======== Given information ========
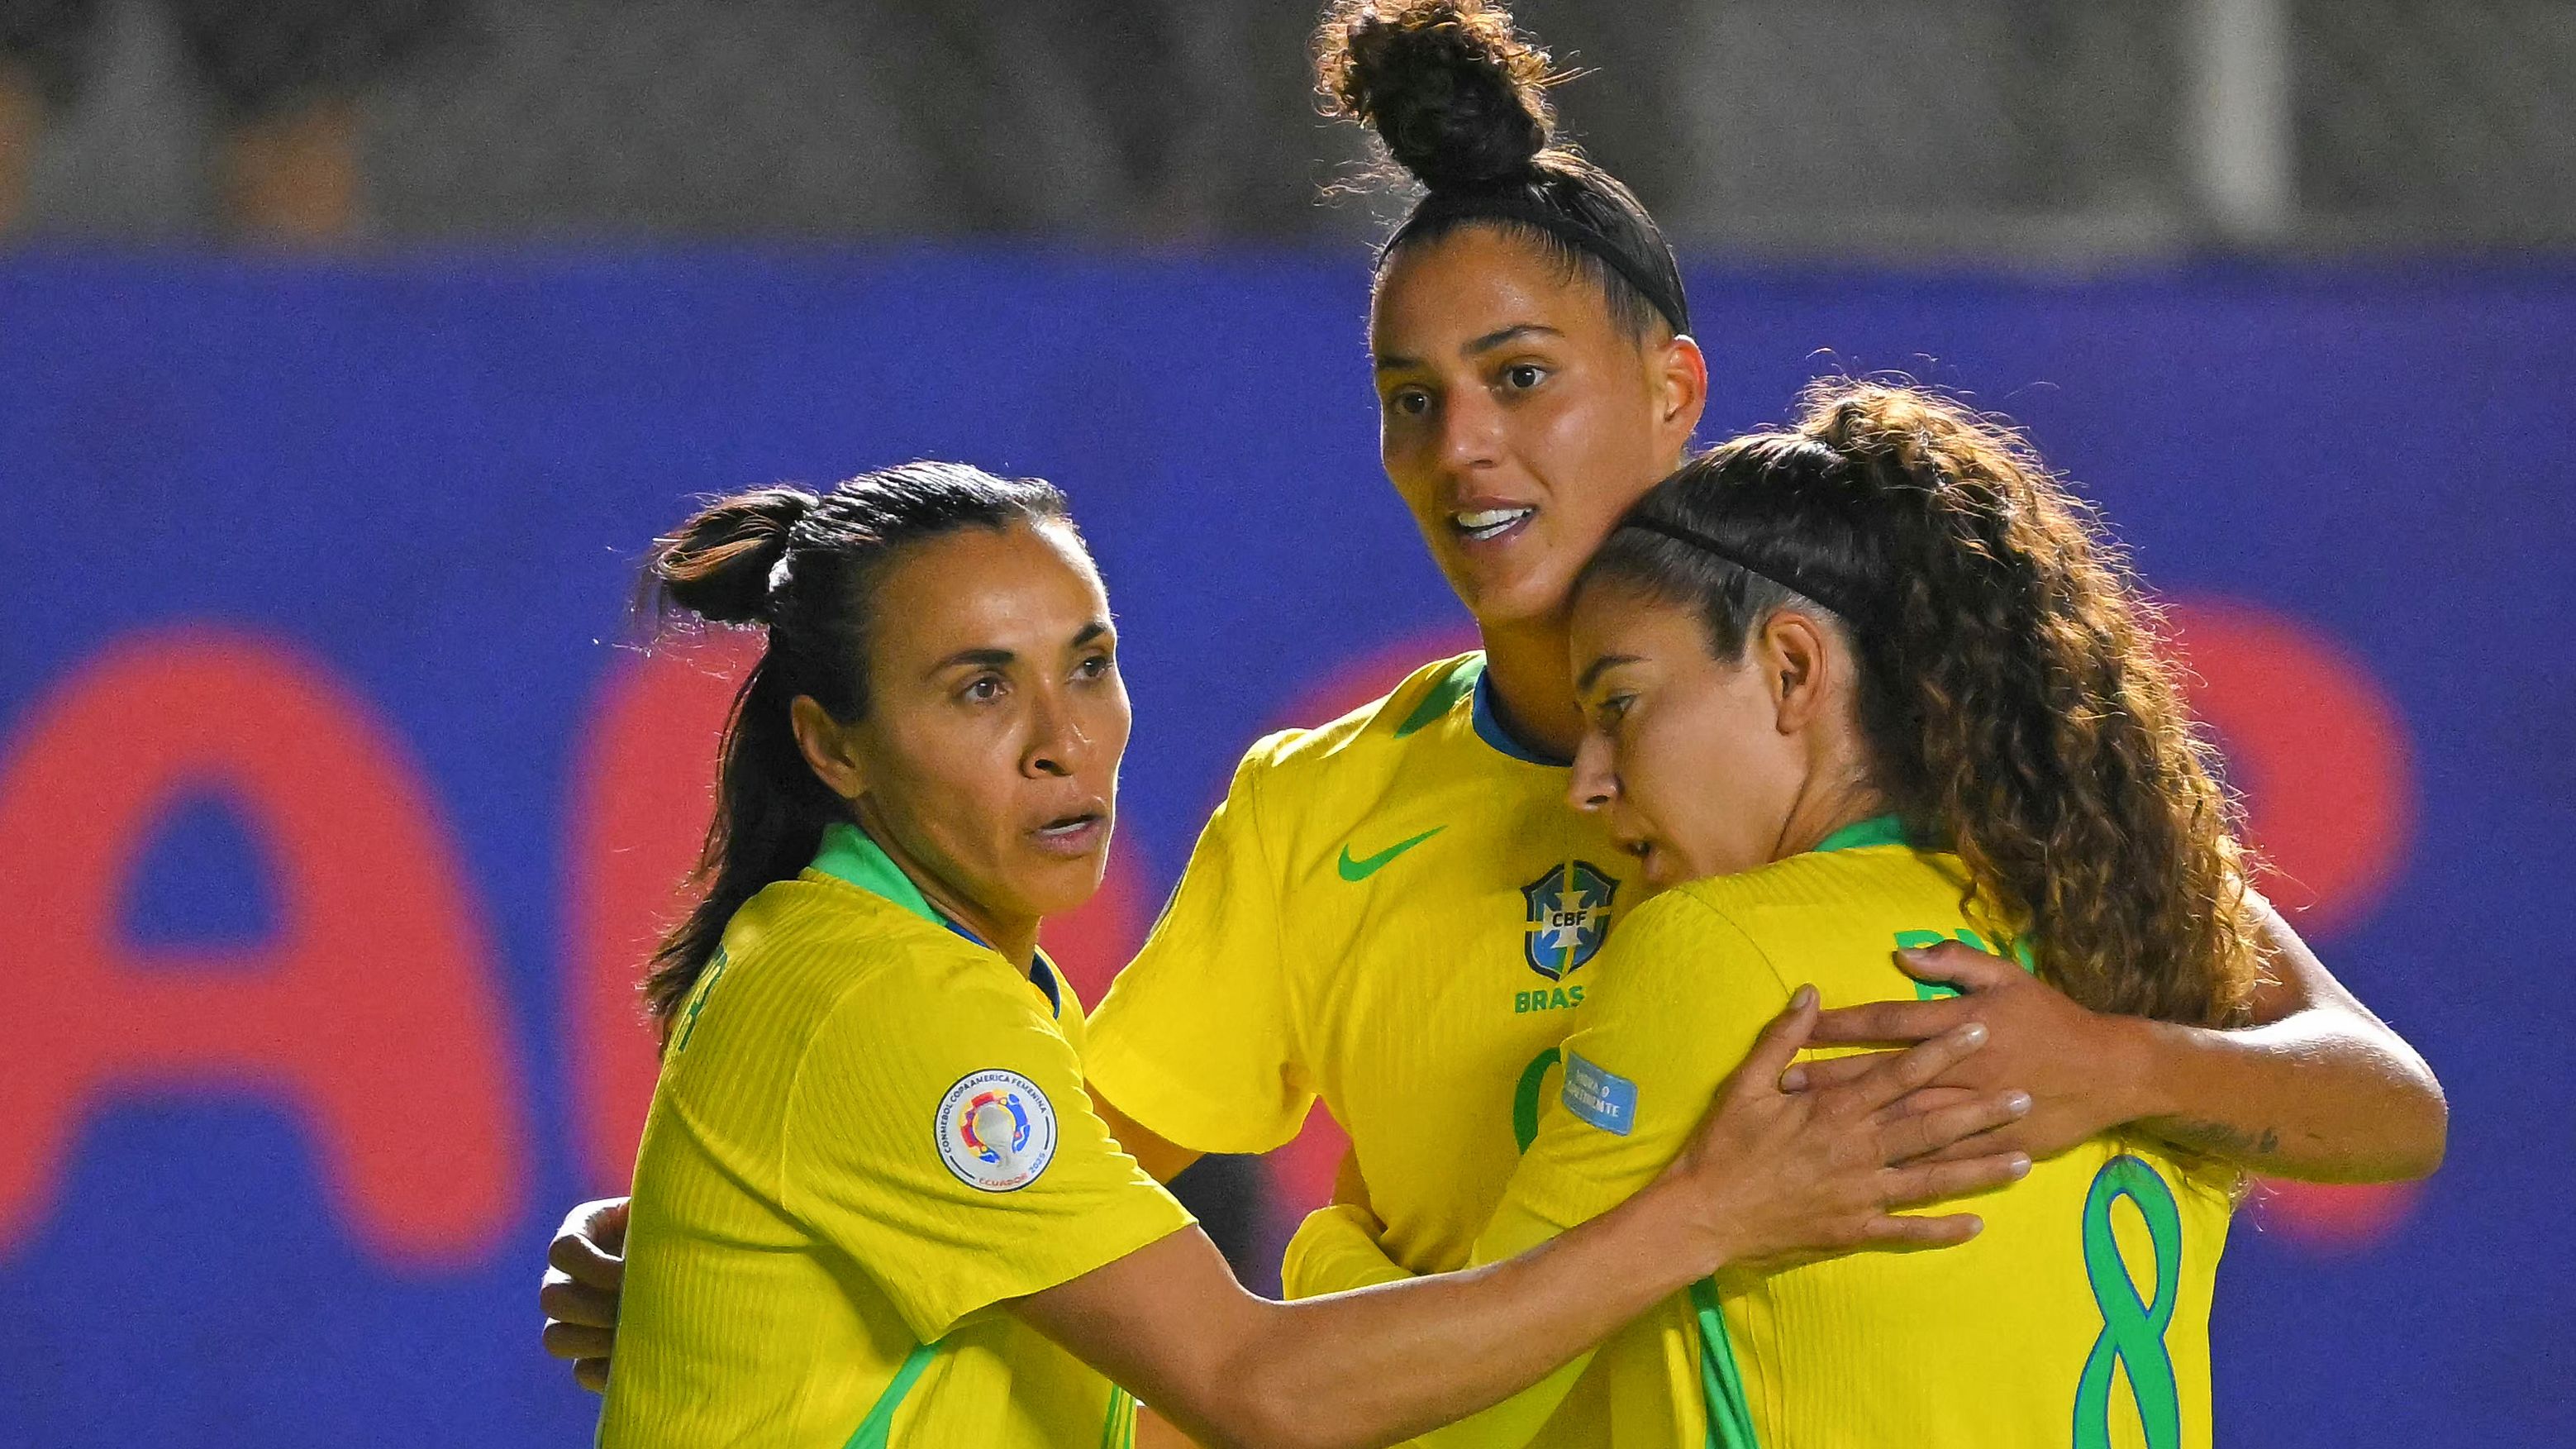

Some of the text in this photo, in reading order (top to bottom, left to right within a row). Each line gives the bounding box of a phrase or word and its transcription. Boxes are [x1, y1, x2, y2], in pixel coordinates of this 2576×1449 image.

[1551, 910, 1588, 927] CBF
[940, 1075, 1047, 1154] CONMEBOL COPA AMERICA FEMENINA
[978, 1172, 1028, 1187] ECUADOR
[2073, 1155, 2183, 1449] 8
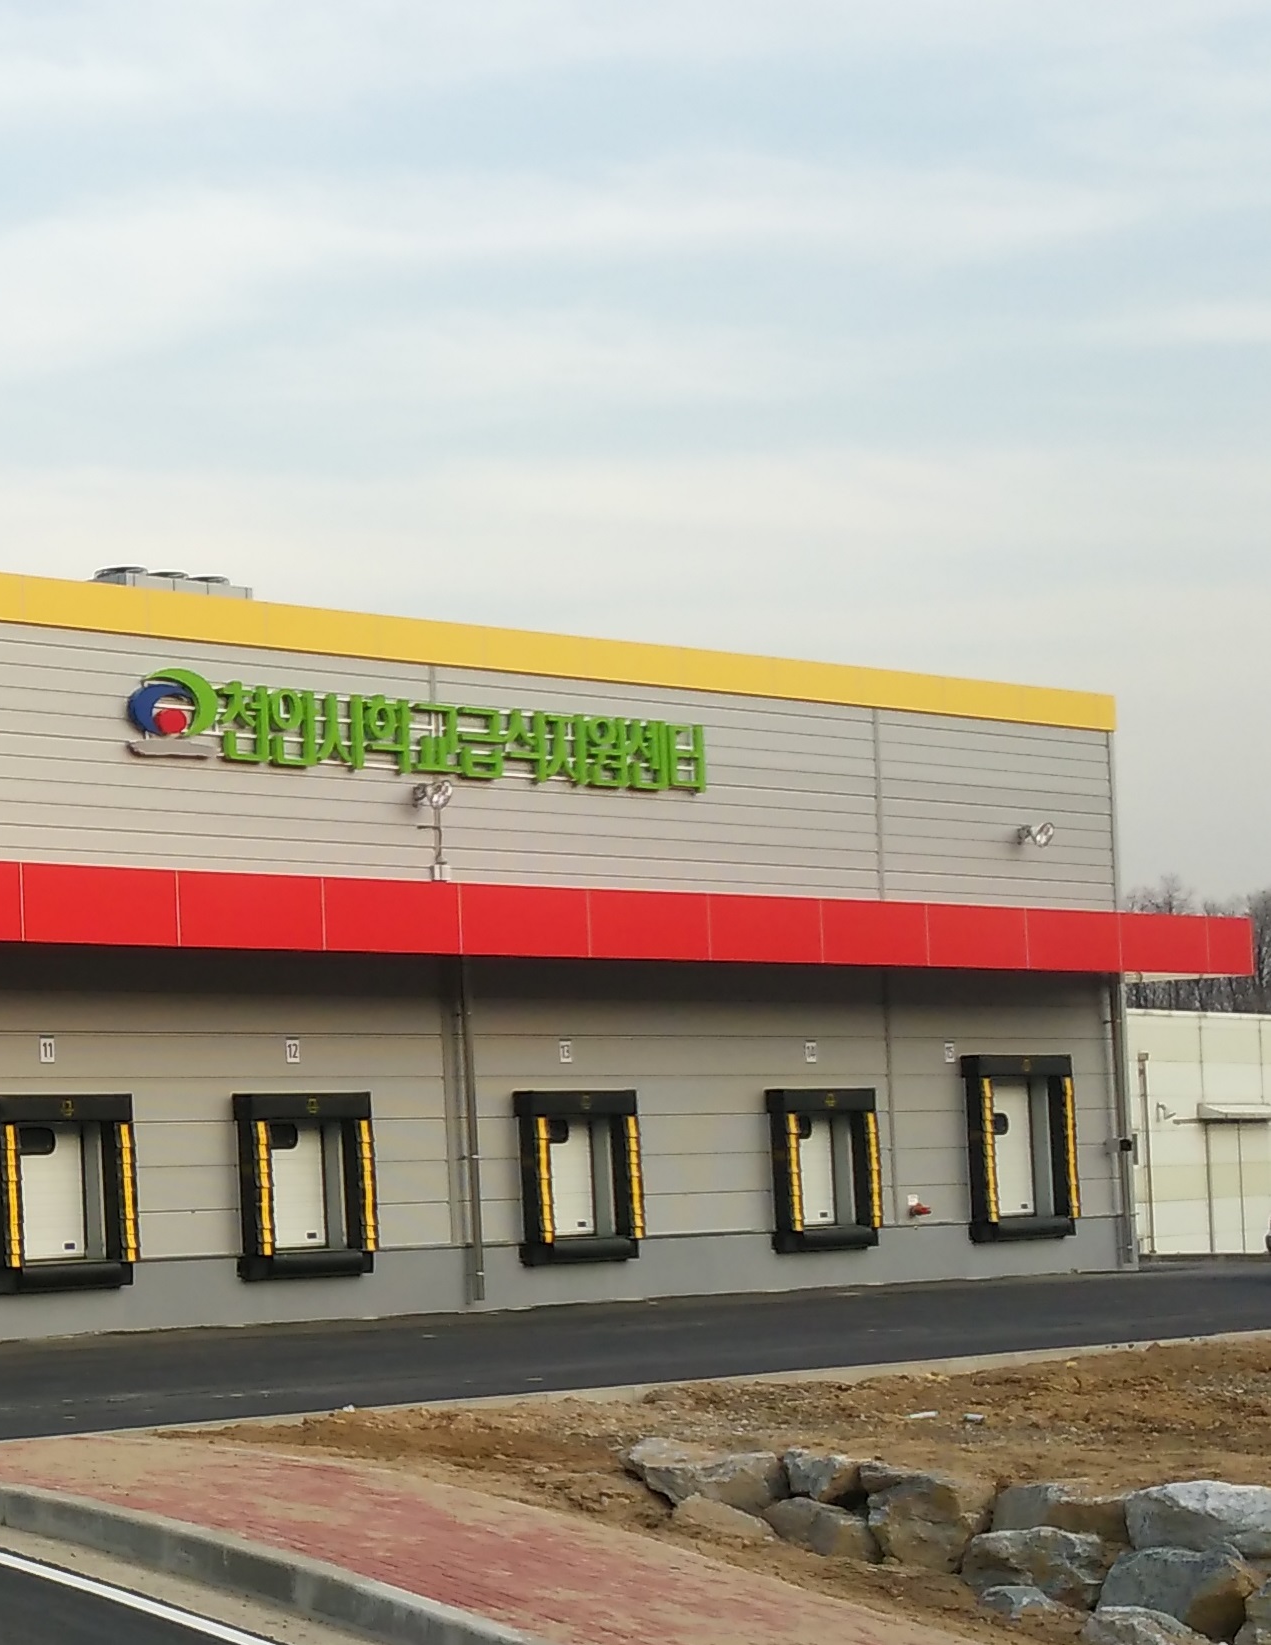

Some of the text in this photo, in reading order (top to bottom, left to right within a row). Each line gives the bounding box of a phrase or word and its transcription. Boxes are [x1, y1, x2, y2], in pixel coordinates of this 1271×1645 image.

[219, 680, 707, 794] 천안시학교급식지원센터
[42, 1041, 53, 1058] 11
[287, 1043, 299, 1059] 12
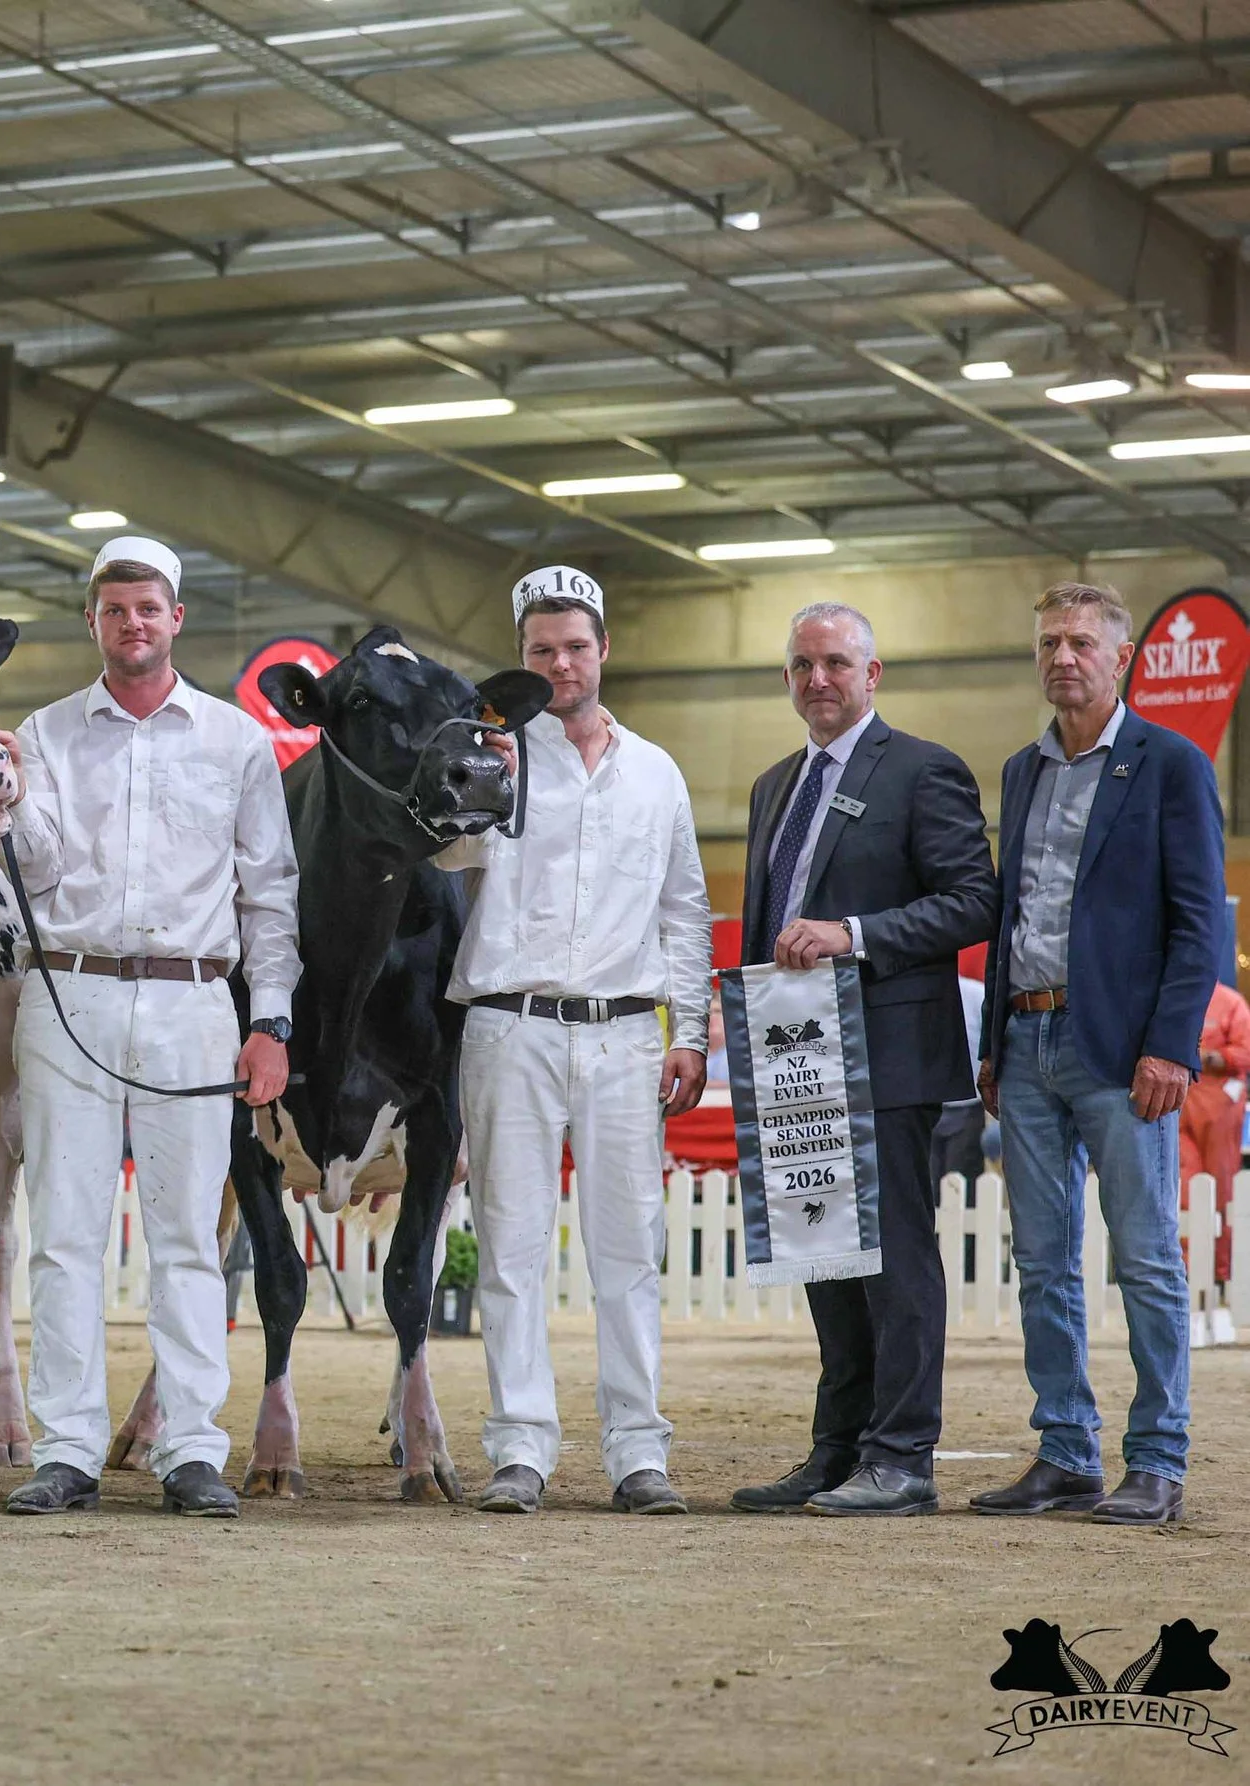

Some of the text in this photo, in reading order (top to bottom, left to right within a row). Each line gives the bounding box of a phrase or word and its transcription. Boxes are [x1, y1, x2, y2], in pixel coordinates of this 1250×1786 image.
========
About this task.
The entries above must be restated exactly in the answer, and the pictures left out.

Finished task.
Some of the text in this photo, in reading order (top to bottom, left to right within a row). Each line gives the bounding box of a phrase or word and its transcription. Boxes are [x1, y1, x2, y2], in pixel coordinates of this 2576×1449 image.

[1551, 910, 1588, 927] CBF
[940, 1075, 1047, 1154] CONMEBOL COPA AMERICA FEMENINA
[978, 1172, 1028, 1187] ECUADOR
[2073, 1155, 2183, 1449] 8

Some of the text in this photo, in reading order (top to bottom, left to right within a row). Each line gives the bounding box of a phrase or word and its transcription. Boxes are [x1, y1, x2, y2], in pixel coordinates of this 1271×1645 image.

[219, 680, 707, 794] 천안시학교급식지원센터
[42, 1041, 53, 1058] 11
[287, 1043, 299, 1059] 12

Some of the text in this photo, in reading order (top to bottom, left to right within a row). Each line gives the bounding box of a phrase or word and its transcription. Boxes are [x1, y1, x2, y2], in pixel coordinates of this 1250×1786 image.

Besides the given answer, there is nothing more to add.